▸ **Your objective**
Return all the data verbatim but without images.

(Records drawn from a dataset)

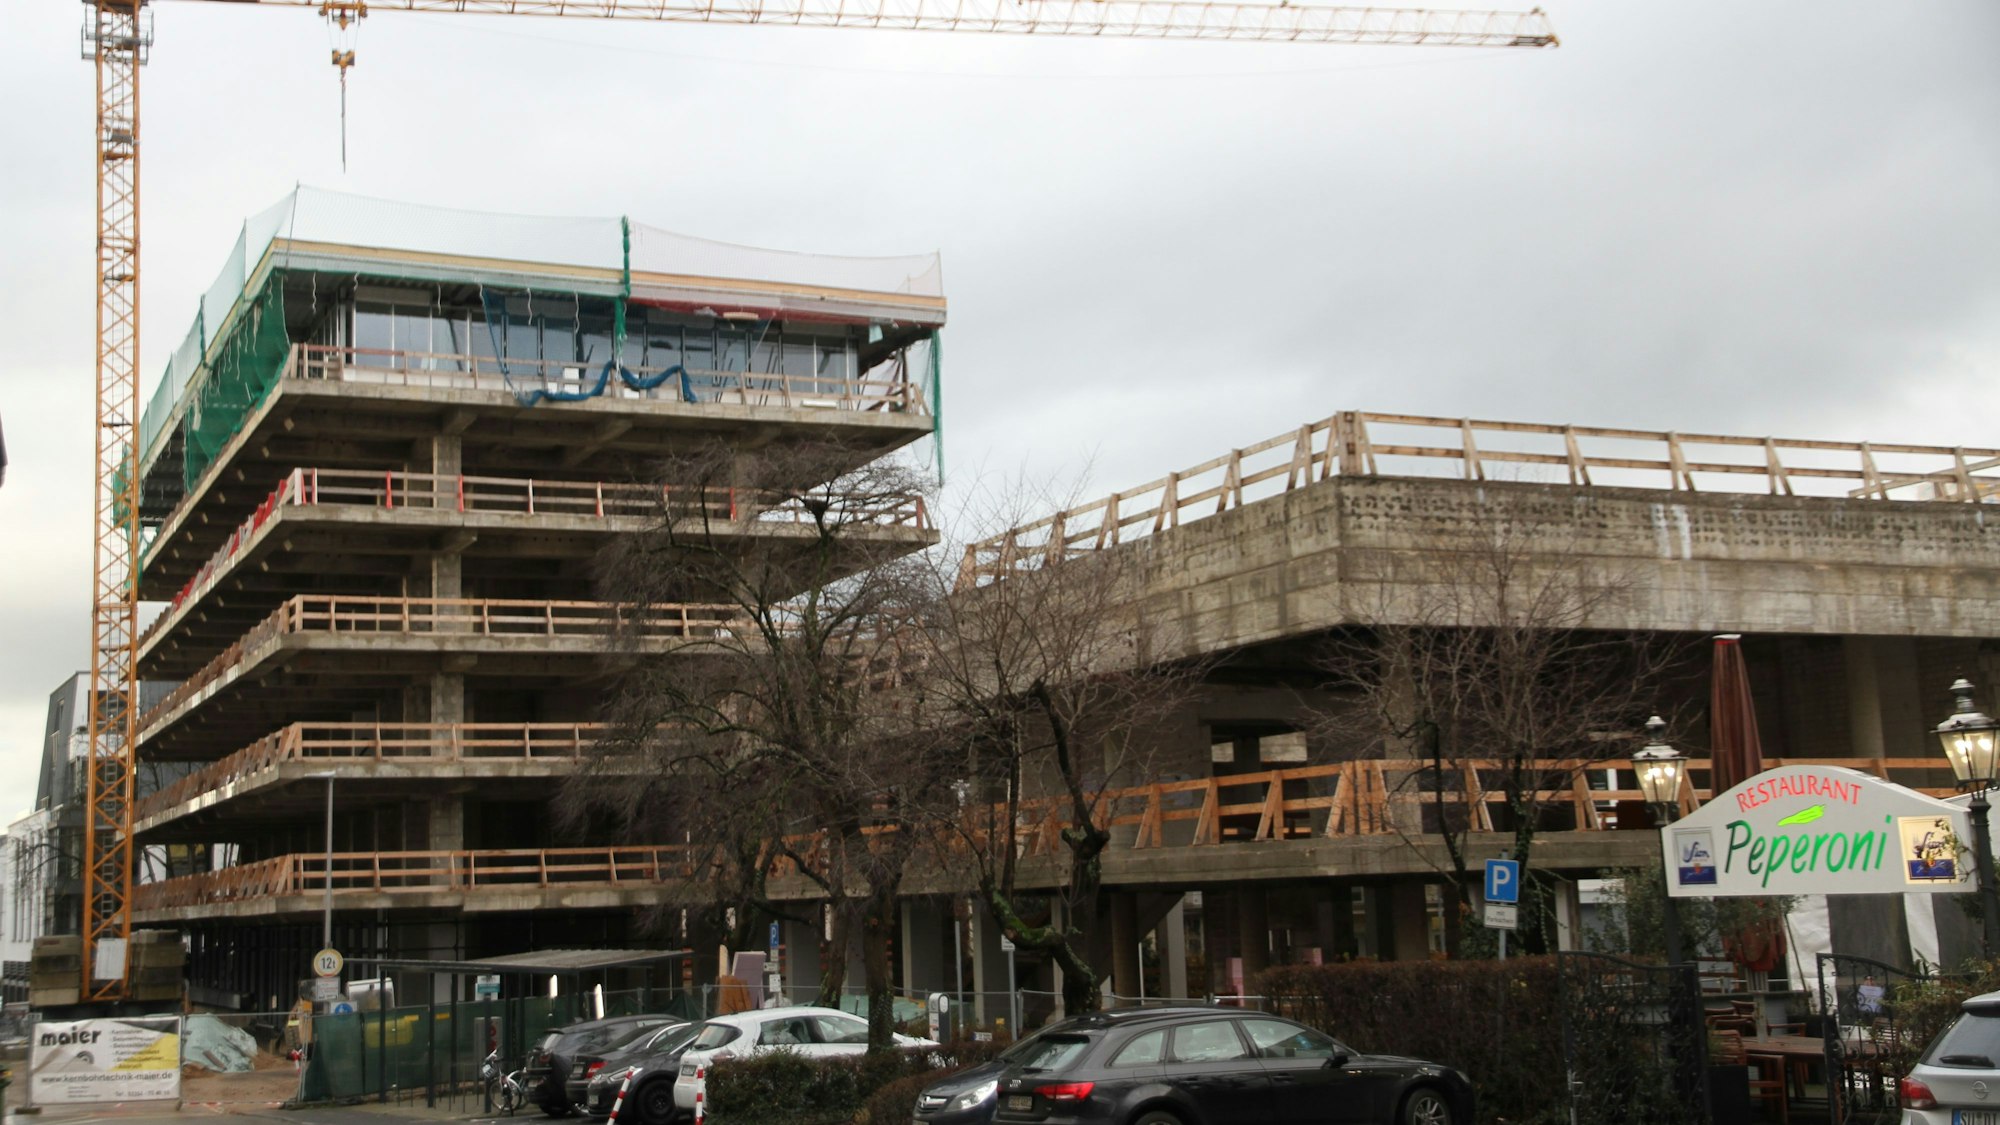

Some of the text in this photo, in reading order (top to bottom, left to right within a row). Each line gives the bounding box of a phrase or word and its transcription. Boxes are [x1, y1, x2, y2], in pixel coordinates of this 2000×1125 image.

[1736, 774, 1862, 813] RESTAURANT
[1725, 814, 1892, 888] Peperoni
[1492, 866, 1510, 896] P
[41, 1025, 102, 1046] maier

▸ **Result for this task**
Some of the text in this photo, in reading order (top to bottom, left to right within a row). Each line gives the bounding box of a phrase or word and its transcription. Boxes are [x1, y1, x2, y2], in pixel coordinates of this 2000×1125 image.

[1736, 774, 1862, 813] RESTAURANT
[1725, 814, 1892, 888] Peperoni
[1492, 866, 1510, 896] P
[41, 1025, 102, 1046] maier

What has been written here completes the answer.